• _Exercise aim_
Could you please retype all of the records exactly, skipping any pictures?

• _Source material_
==*==

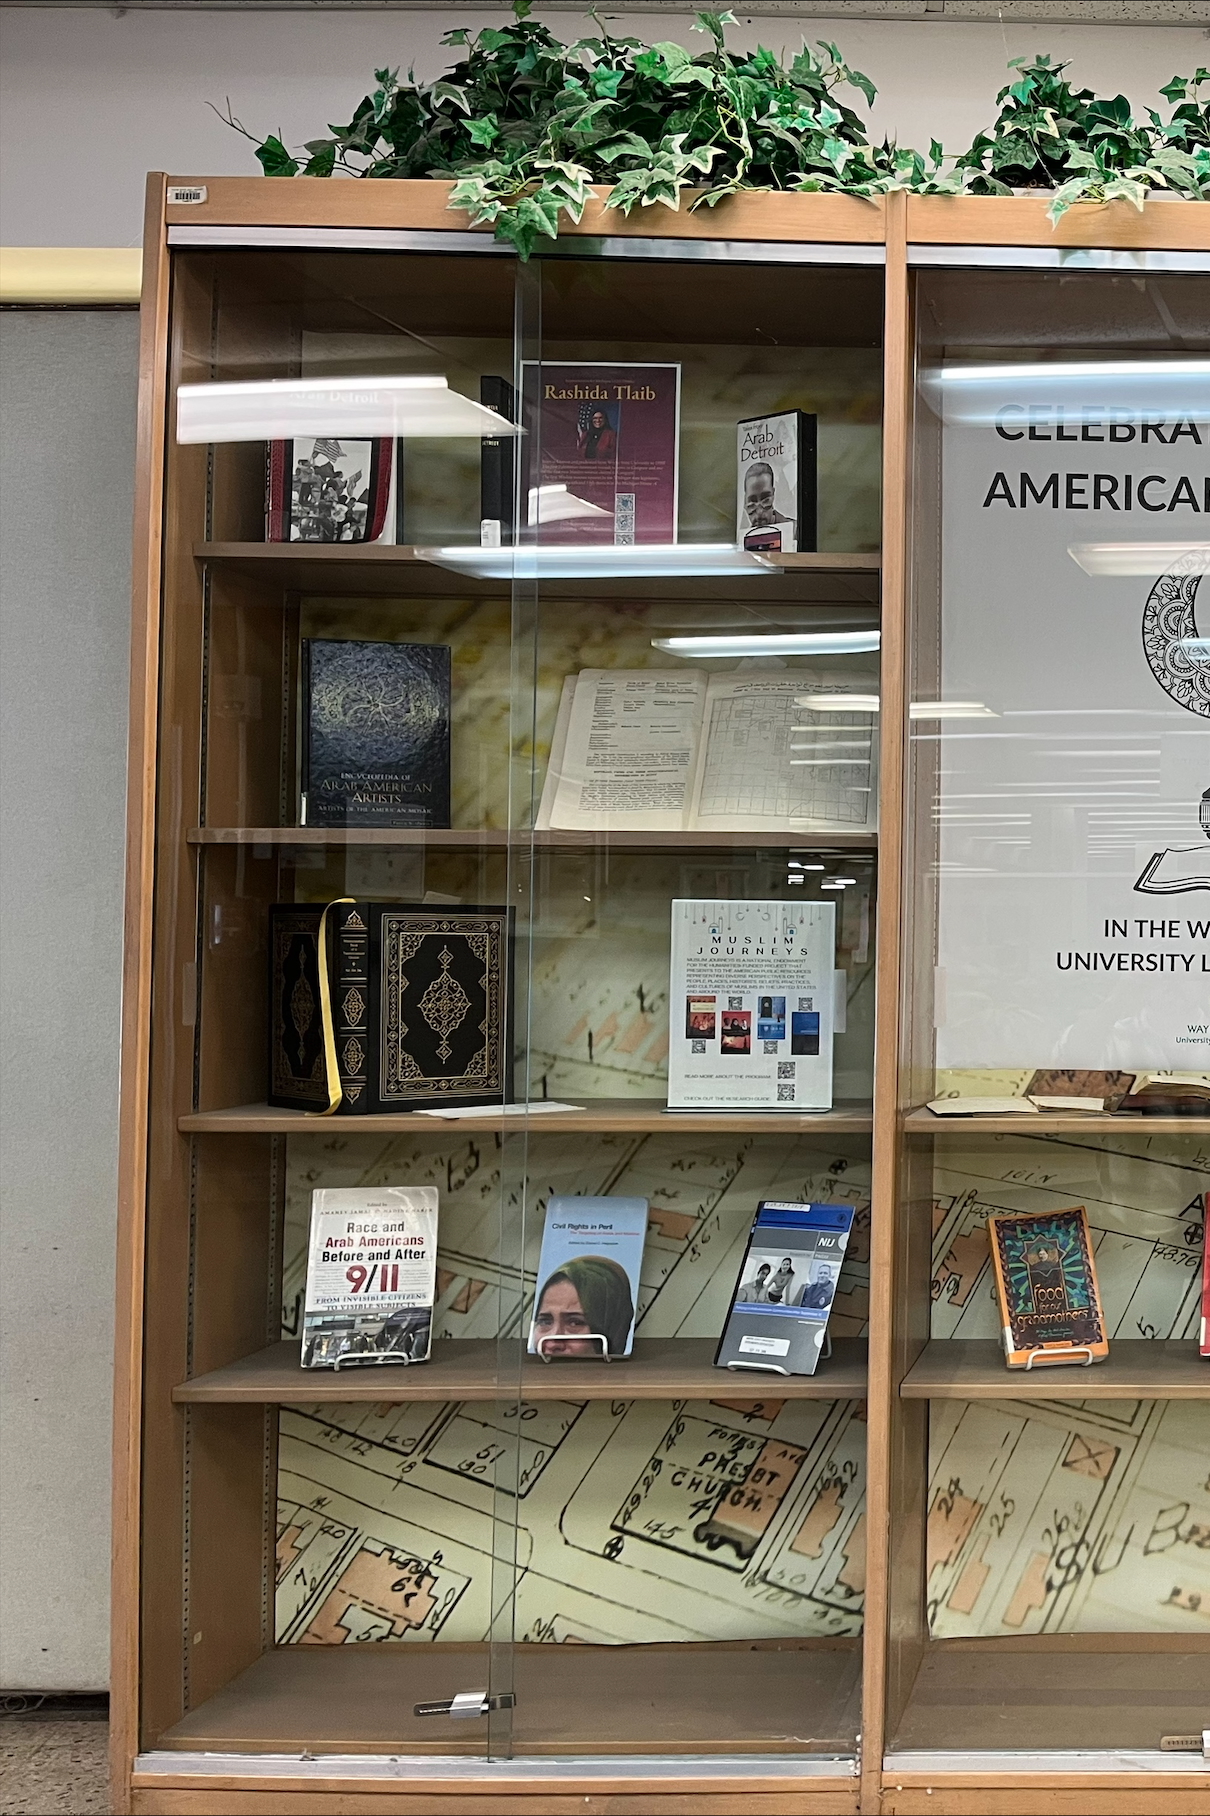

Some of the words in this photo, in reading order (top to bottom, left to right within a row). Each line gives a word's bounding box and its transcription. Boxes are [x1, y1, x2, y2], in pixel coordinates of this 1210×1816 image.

[544, 385, 608, 400] Rashida
[613, 385, 656, 401] Tlaib
[742, 424, 774, 447] Arab
[741, 441, 785, 462] Detroit
[340, 772, 399, 781] ENCYCLOPEDIA
[320, 779, 358, 791] ARAB
[361, 781, 433, 793] AMERICAN
[351, 792, 402, 804] ARTISTS
[1104, 919, 1128, 938] IN
[1134, 919, 1180, 939] THE
[711, 936, 795, 945] MUSLIM
[696, 946, 809, 956] JOURNEYS
[1056, 952, 1196, 972] UNIVERSITY
[346, 1222, 378, 1233] Race
[382, 1221, 405, 1232] and
[567, 1223, 589, 1231] Rights
[325, 1236, 354, 1248] Arab
[358, 1235, 424, 1247] Americans
[817, 1237, 836, 1248] NIJ
[322, 1251, 364, 1263] Before
[368, 1249, 391, 1261] and
[395, 1248, 426, 1260] After
[345, 1264, 399, 1294] 9/11
[343, 1294, 387, 1303] INVISIBLE
[388, 1293, 427, 1301] CITIZENS
[1033, 1283, 1065, 1307] food
[1017, 1309, 1089, 1334] grandmothers

==*==

• _Result for this exercise_
Some of the words in this photo, in reading order (top to bottom, left to right within a row). Each line gives a word's bounding box and its transcription. Boxes are [x1, y1, x2, y2], in pixel coordinates of this 1210×1816 image.

[544, 385, 608, 400] Rashida
[613, 385, 656, 401] Tlaib
[742, 424, 774, 447] Arab
[741, 441, 785, 462] Detroit
[340, 772, 399, 781] ENCYCLOPEDIA
[320, 779, 358, 791] ARAB
[361, 781, 433, 793] AMERICAN
[351, 792, 402, 804] ARTISTS
[1104, 919, 1128, 938] IN
[1134, 919, 1180, 939] THE
[711, 936, 795, 945] MUSLIM
[696, 946, 809, 956] JOURNEYS
[1056, 952, 1196, 972] UNIVERSITY
[346, 1222, 378, 1233] Race
[382, 1221, 405, 1232] and
[567, 1223, 589, 1231] Rights
[325, 1236, 354, 1248] Arab
[358, 1235, 424, 1247] Americans
[817, 1237, 836, 1248] NIJ
[322, 1251, 364, 1263] Before
[368, 1249, 391, 1261] and
[395, 1248, 426, 1260] After
[345, 1264, 399, 1294] 9/11
[343, 1294, 387, 1303] INVISIBLE
[388, 1293, 427, 1301] CITIZENS
[1033, 1283, 1065, 1307] food
[1017, 1309, 1089, 1334] grandmothers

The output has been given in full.